Here's the scenario: a unit test throws an uncaught exception, but then so does tearDown()
. What happens? TestCase.runBare()
says:
public void runBare() throws Throwable { setUp(); try { runTest(); } finally { tearDown(); } }
See the problem? If tearDown()
throws, then runBare()
loses any exception thrown by runTest()
(which runs your unit test). [See the Java Language Specification, §11.3.] Rarely is this what you actually want since the lost exception was the original cause of test error. The solution—override runBare()
:
public void runBare() throws Throwable { Throwable thrown = null; setUp(); try { runTest(); } catch (final Throwable t) { thrown = t; } finally { try { tearDown(); if (null != thrown) throw thrown; } catch (Throwable t) { if (null != thrown) throw thrown; else throw t; } } }
The idea is simple. Store the exception from runTest()
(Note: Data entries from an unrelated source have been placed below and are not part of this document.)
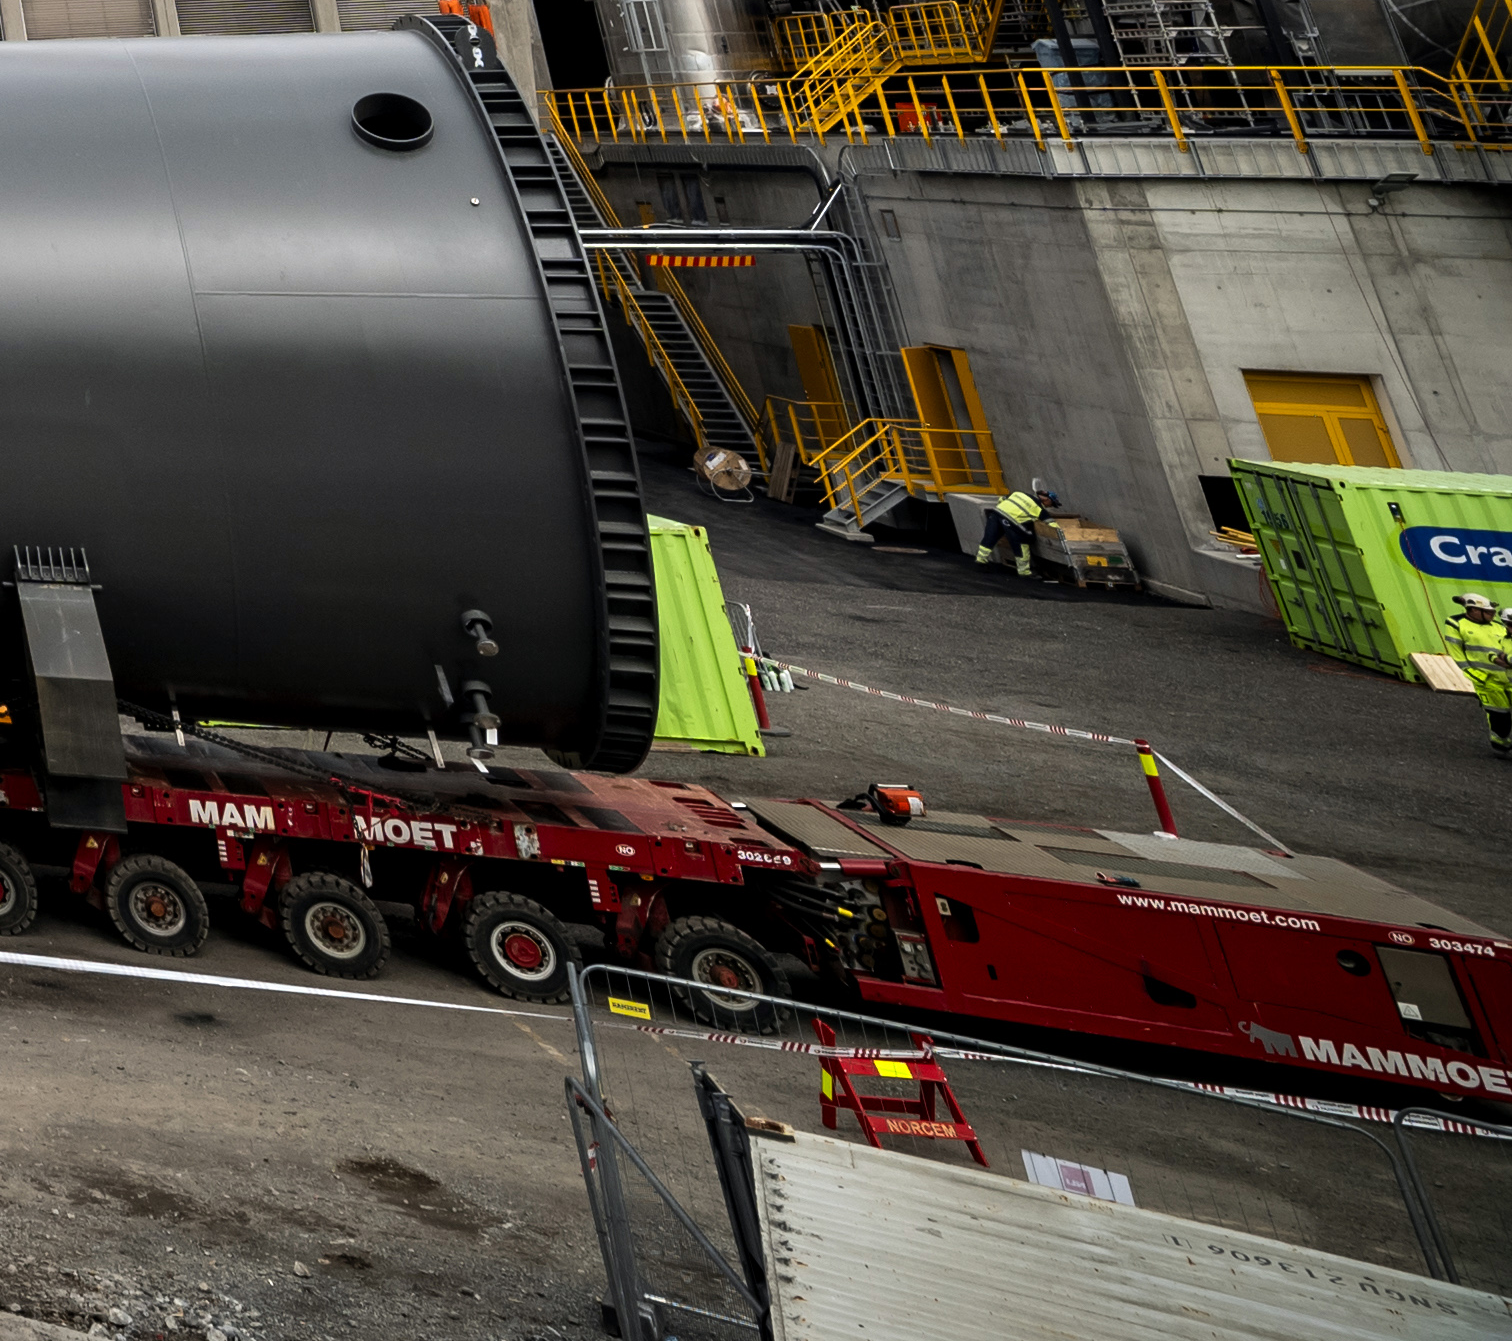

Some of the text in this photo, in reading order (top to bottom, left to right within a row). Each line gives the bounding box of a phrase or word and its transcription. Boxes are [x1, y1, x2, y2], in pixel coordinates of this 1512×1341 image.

[1429, 534, 1512, 567] Cra
[188, 799, 457, 850] MAM MOET
[618, 845, 634, 856] NO
[1116, 893, 1321, 931] www.mammoet.com
[1391, 932, 1414, 945] NO
[1428, 937, 1495, 958] 303474
[1298, 1035, 1512, 1096] MAMMOE
[886, 1118, 958, 1138] NORCEM
[1206, 1242, 1346, 1288] 213606
[1358, 1281, 1459, 1317] SNGU
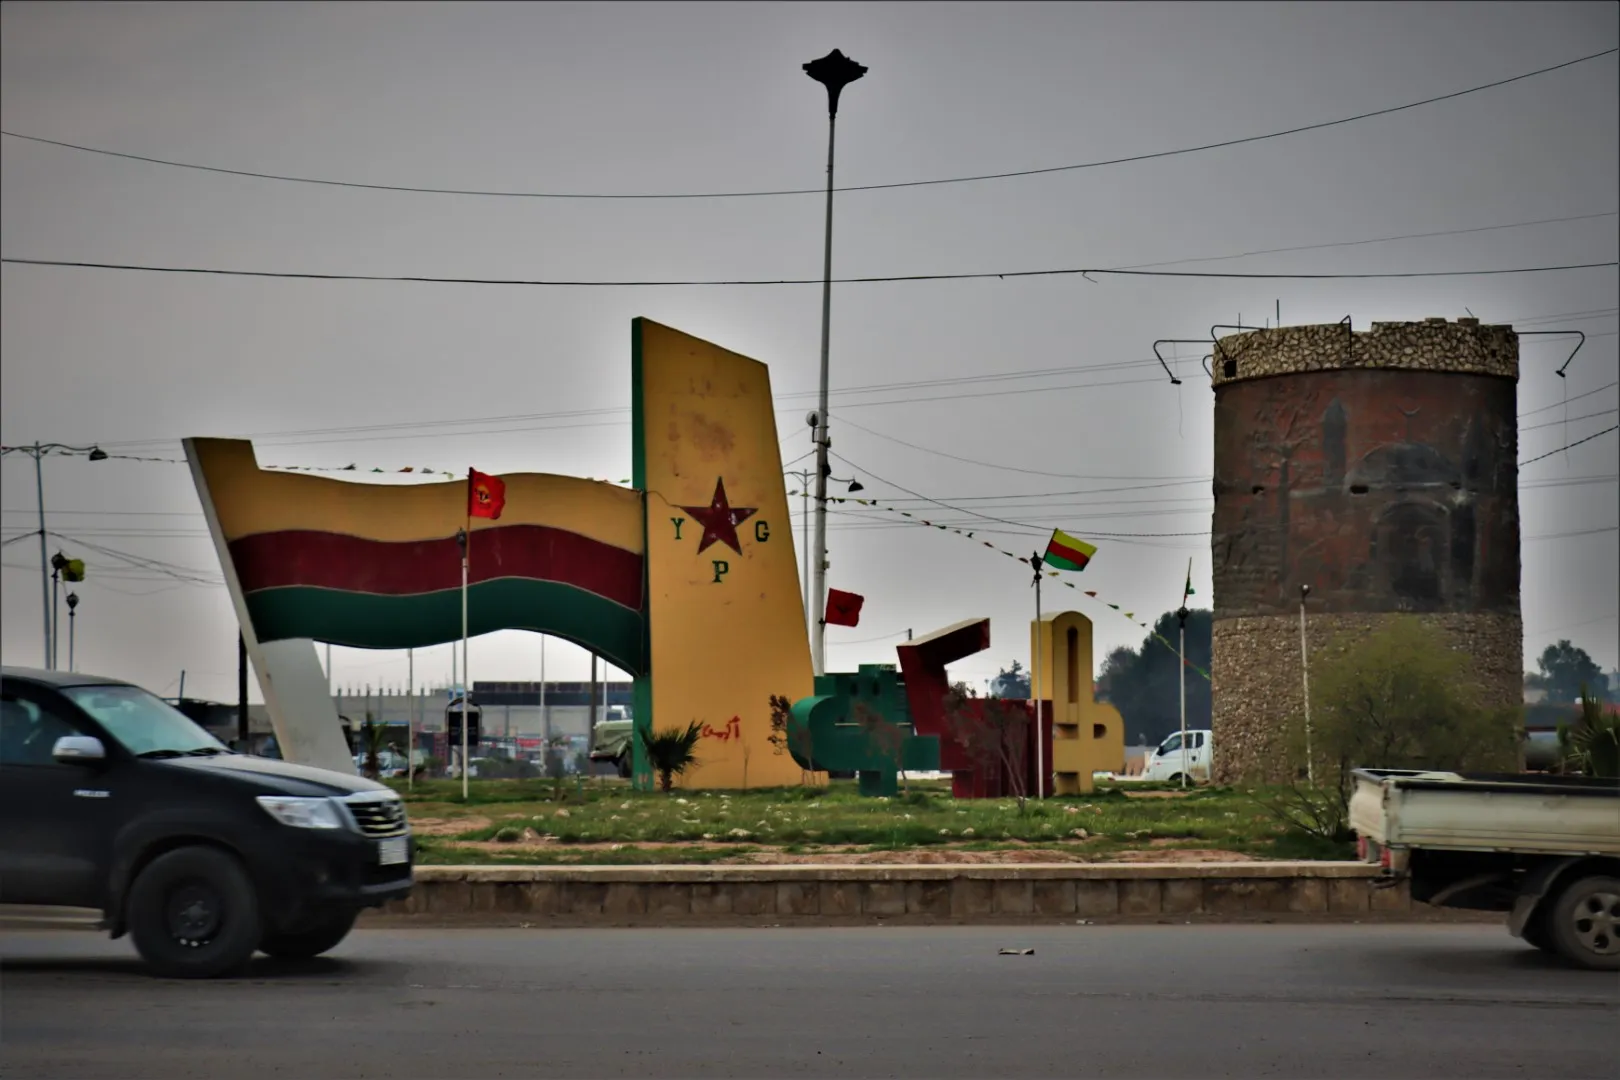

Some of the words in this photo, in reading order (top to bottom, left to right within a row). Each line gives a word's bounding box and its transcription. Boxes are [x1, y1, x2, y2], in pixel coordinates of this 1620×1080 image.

[671, 518, 685, 540] Y
[755, 520, 770, 542] G
[712, 560, 729, 583] P
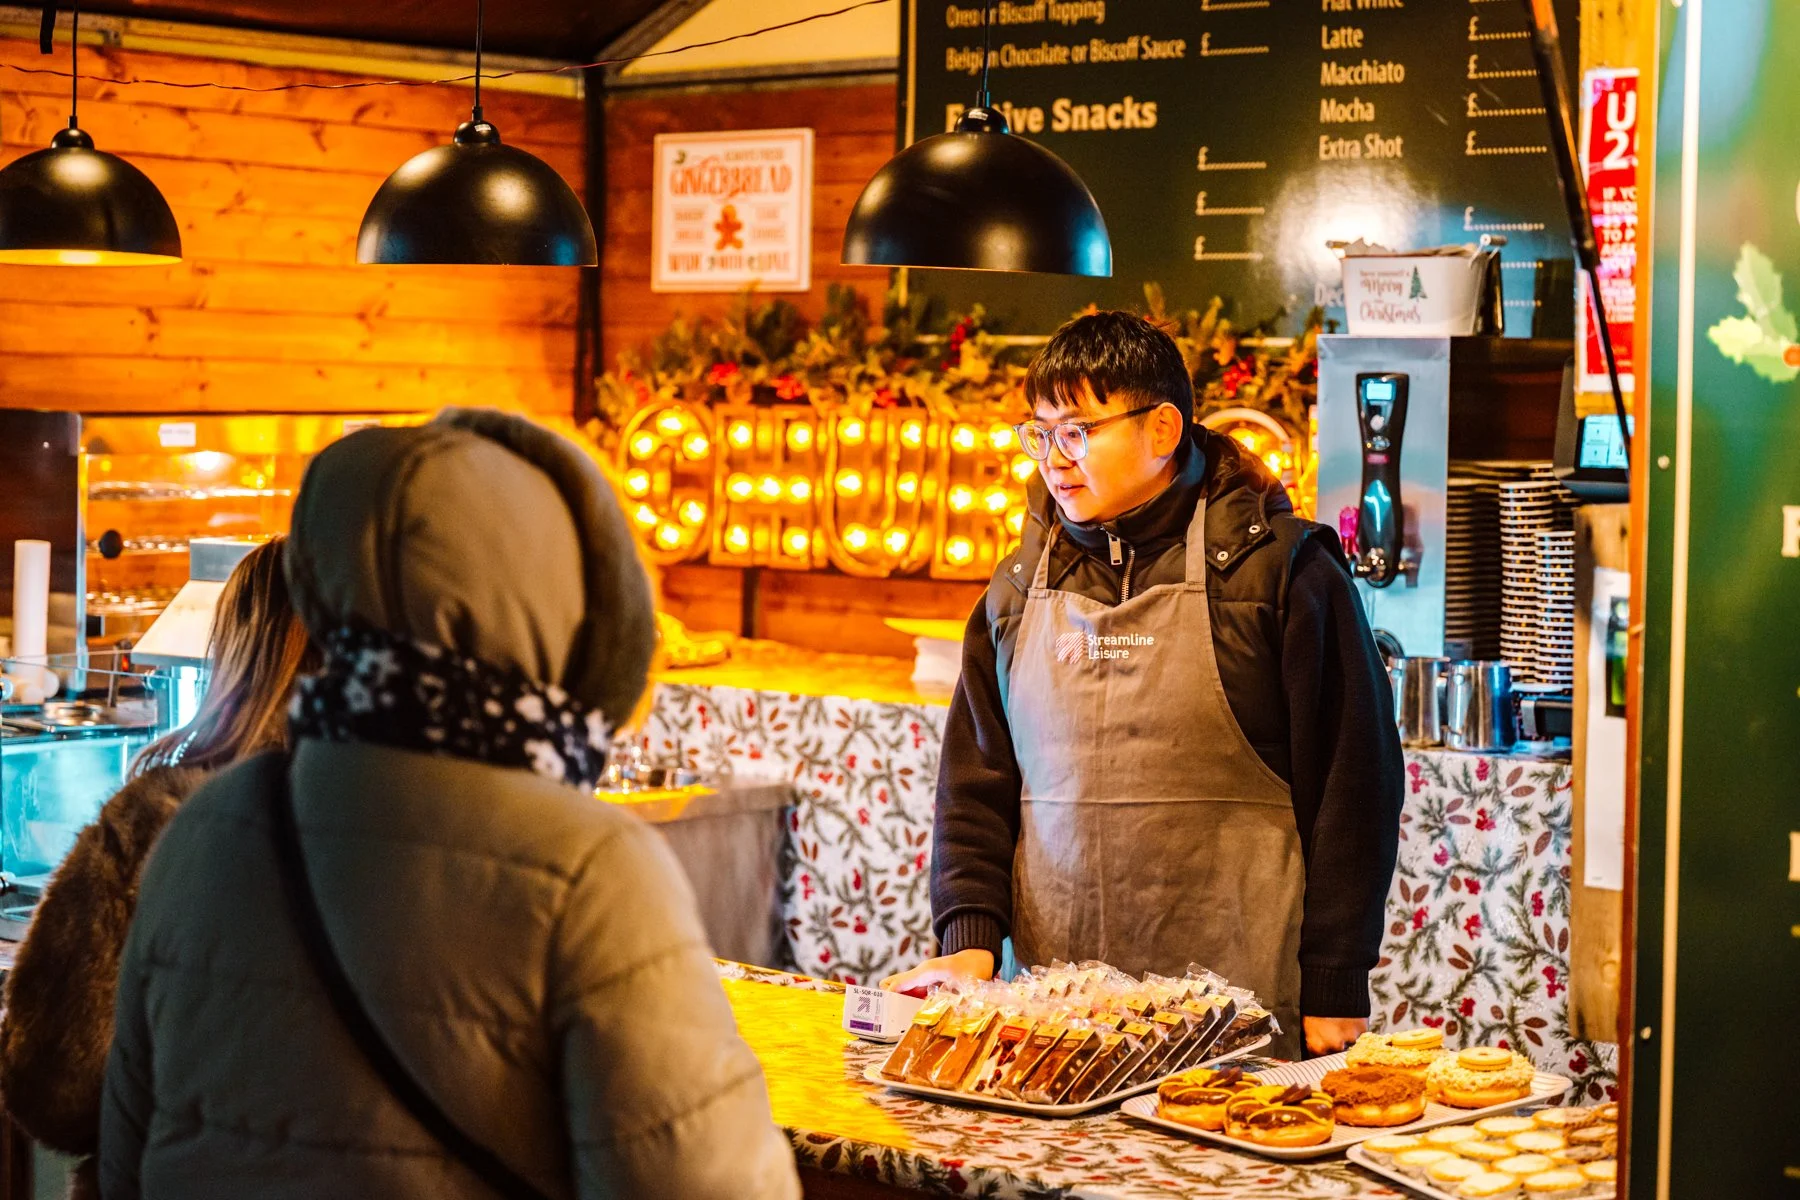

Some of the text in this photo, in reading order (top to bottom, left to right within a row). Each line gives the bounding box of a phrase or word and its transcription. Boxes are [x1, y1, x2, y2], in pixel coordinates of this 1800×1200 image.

and rethrow it after running tearDown()
. Make sure to throw any exception from tearDown()
otherwise.
UPDATE: My brain finally caught up with my fingers and I realize that the sample solution is unnecessarily complex. Better is:
public void runBare() throws Throwable { Throwable thrown = null; setUp(); try { runTest(); } catch (final Throwable t) { thrown = t; } finally { try { tearDown(); } finally { if (null != thrown) throw thrown; } } }
2 comments:
why (null != thrown) and not (thrown != null)?
Why? I just like the keyword first for aesthetic reasons. I also find it slightly easier to pick out when scanning vertically down a long listing of code.
I would have been better off with a slightly different idiom:
try {
tearDown();
} finally {
if (null != thrown) throw thrown;
}
And now I am relying on the fact that the earlier exception is swallowed by the JVM when the latter throws. Making lemondade, as it were.